[Spatial localization data]
================

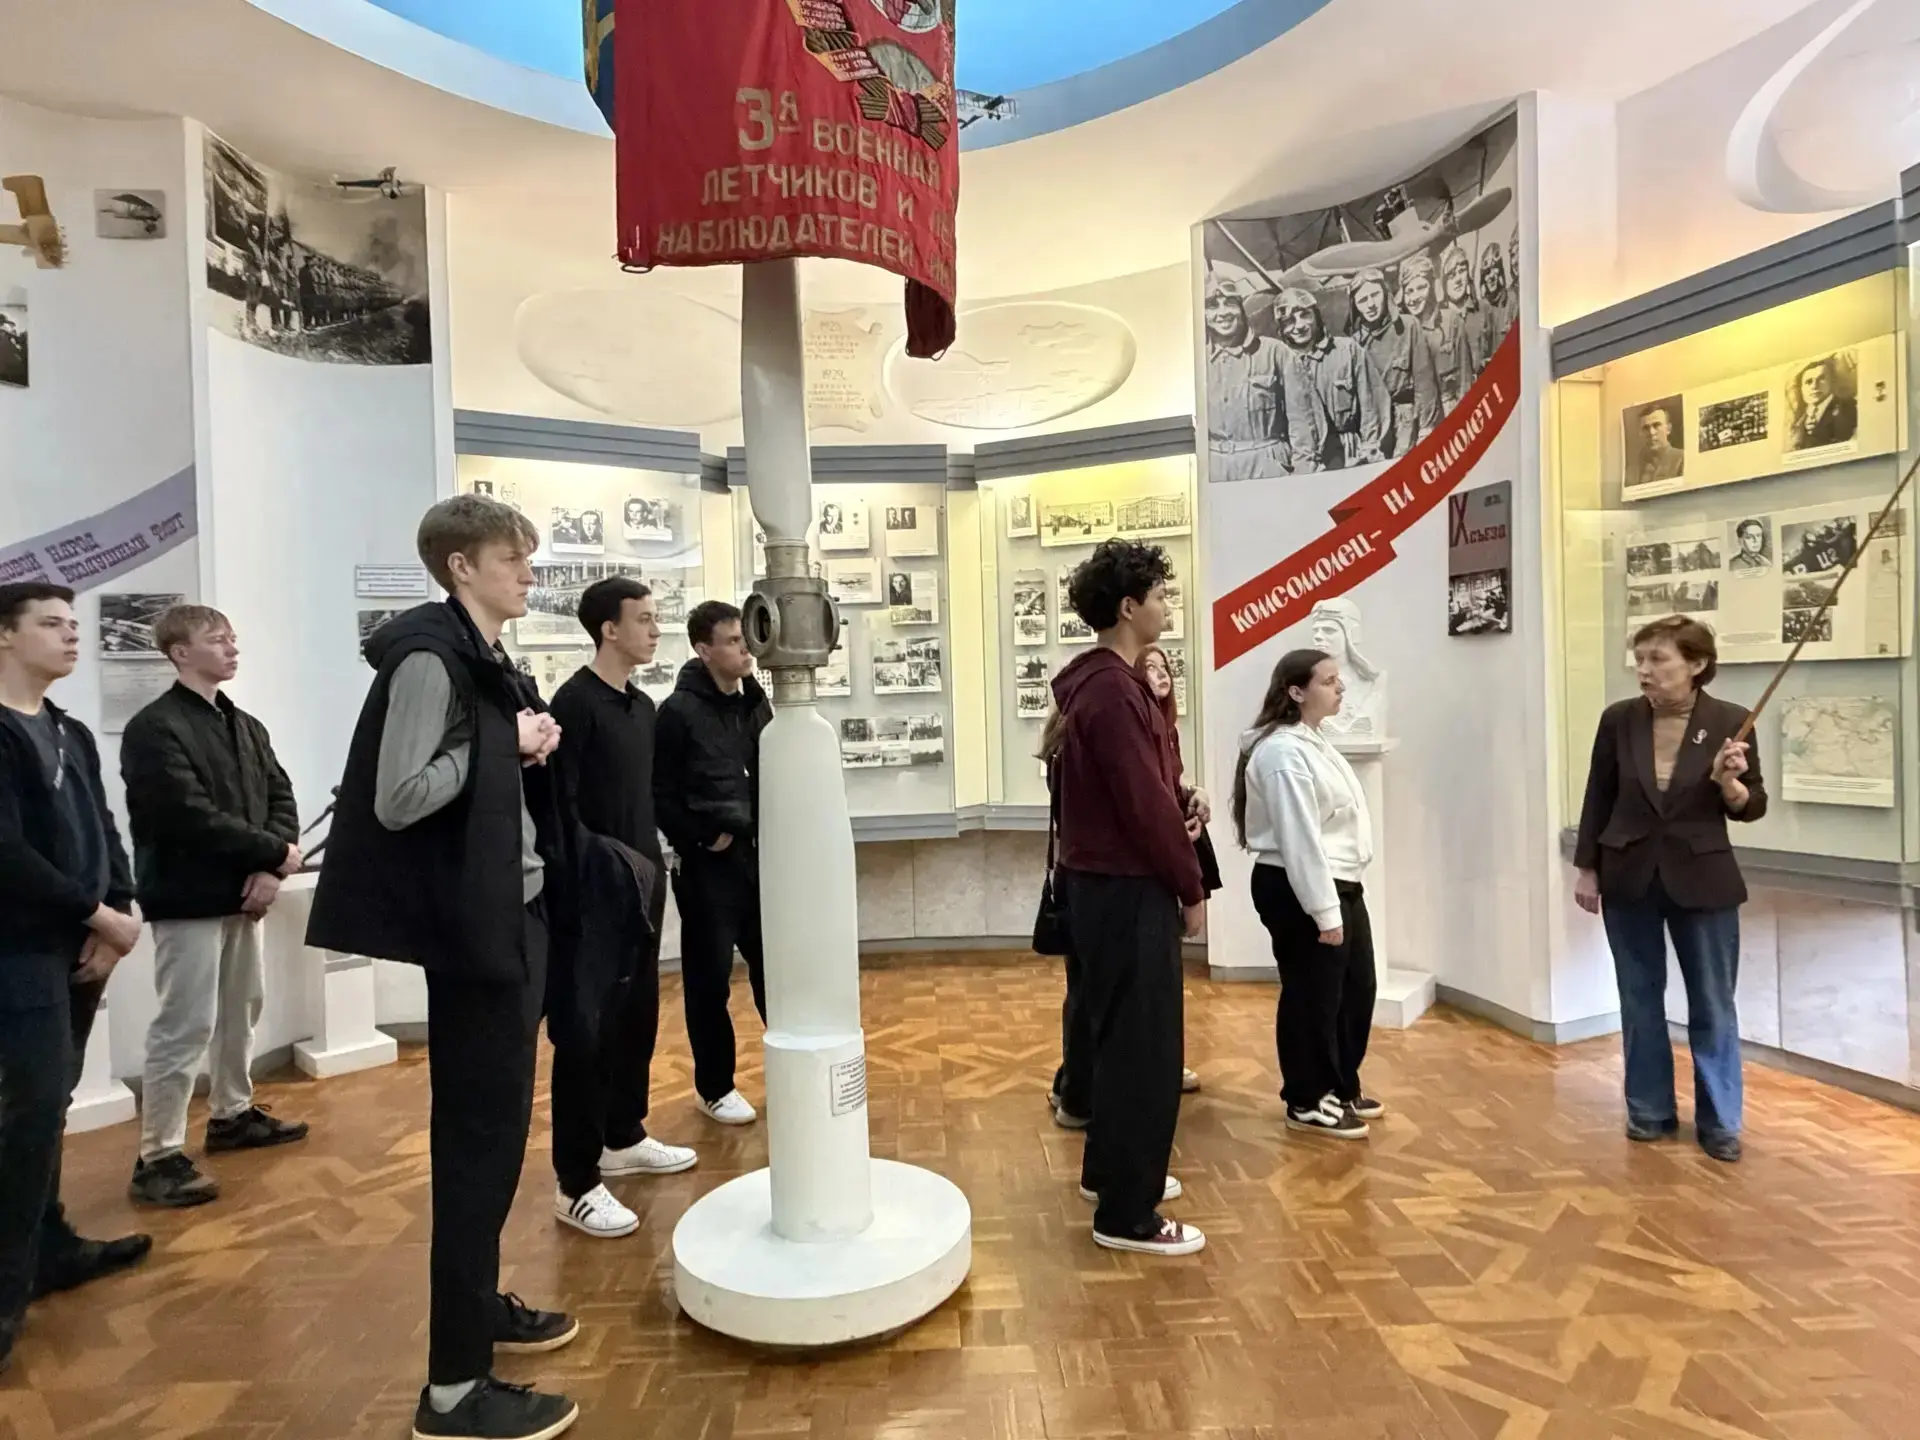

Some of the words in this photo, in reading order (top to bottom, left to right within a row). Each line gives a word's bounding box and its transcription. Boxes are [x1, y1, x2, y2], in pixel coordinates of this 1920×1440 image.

[813, 117, 940, 189] ВОЕННАЯ
[701, 163, 878, 210] ЛЕТЧИКОВ
[897, 190, 914, 220] И
[656, 212, 914, 269] НАБЛЮДАТЕЛЕЙ
[1382, 481, 1415, 515] НА
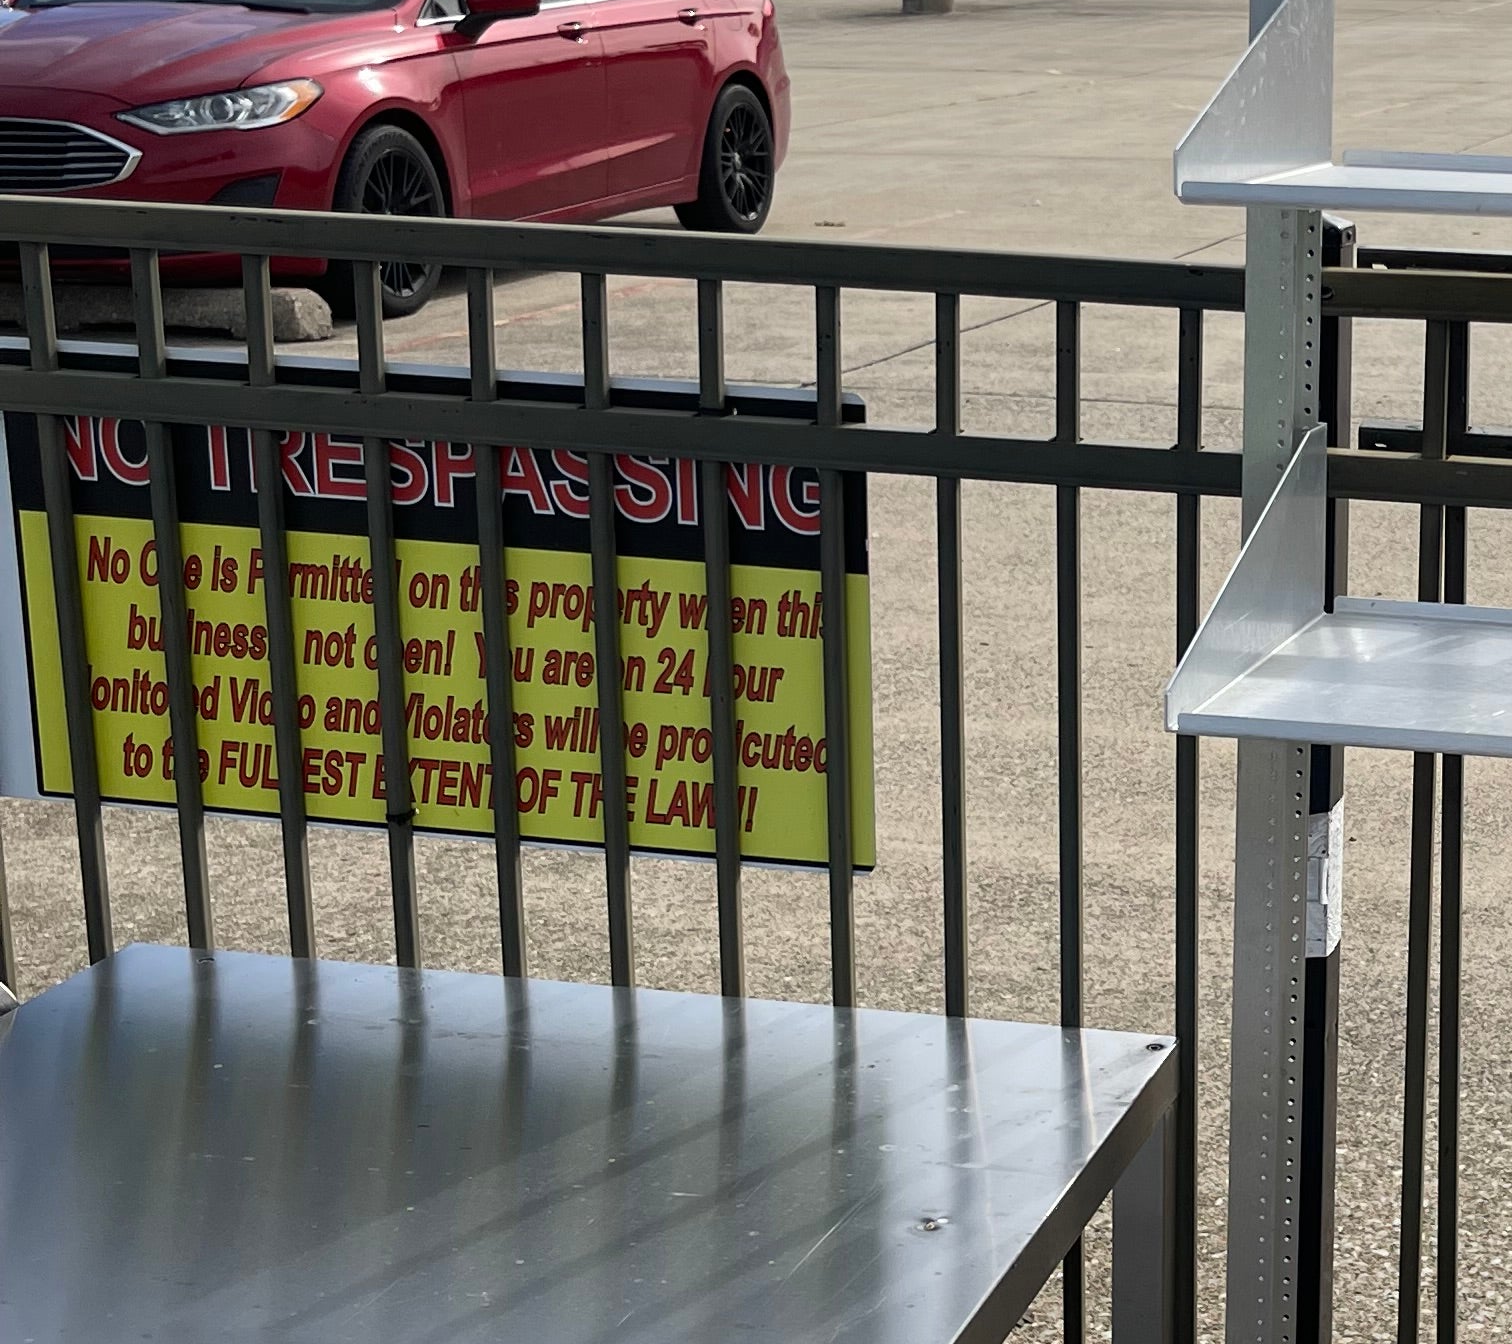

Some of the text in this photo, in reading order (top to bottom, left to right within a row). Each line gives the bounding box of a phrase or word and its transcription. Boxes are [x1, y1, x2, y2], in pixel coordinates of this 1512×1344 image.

================

What is needed is a word-for-word restatement of the entries, minus any pictures.

Some of the words in this photo, in reading order (top to bottom, left to right within a row). Each line gives a word's bounding box and its transcription. Boxes are [x1, y1, x2, y2], in pixel coordinates of this 1920×1440 image.

[813, 117, 940, 189] ВОЕННАЯ
[701, 163, 878, 210] ЛЕТЧИКОВ
[897, 190, 914, 220] И
[656, 212, 914, 269] НАБЛЮДАТЕЛЕЙ
[1382, 481, 1415, 515] НА

Some of the text in this photo, in reading order (top to bottom, left to right within a row). Each line gives the bounding box of a phrase or word and its transcription. Boxes are [x1, y1, x2, y2], in pixel coordinates of this 1512×1344 image.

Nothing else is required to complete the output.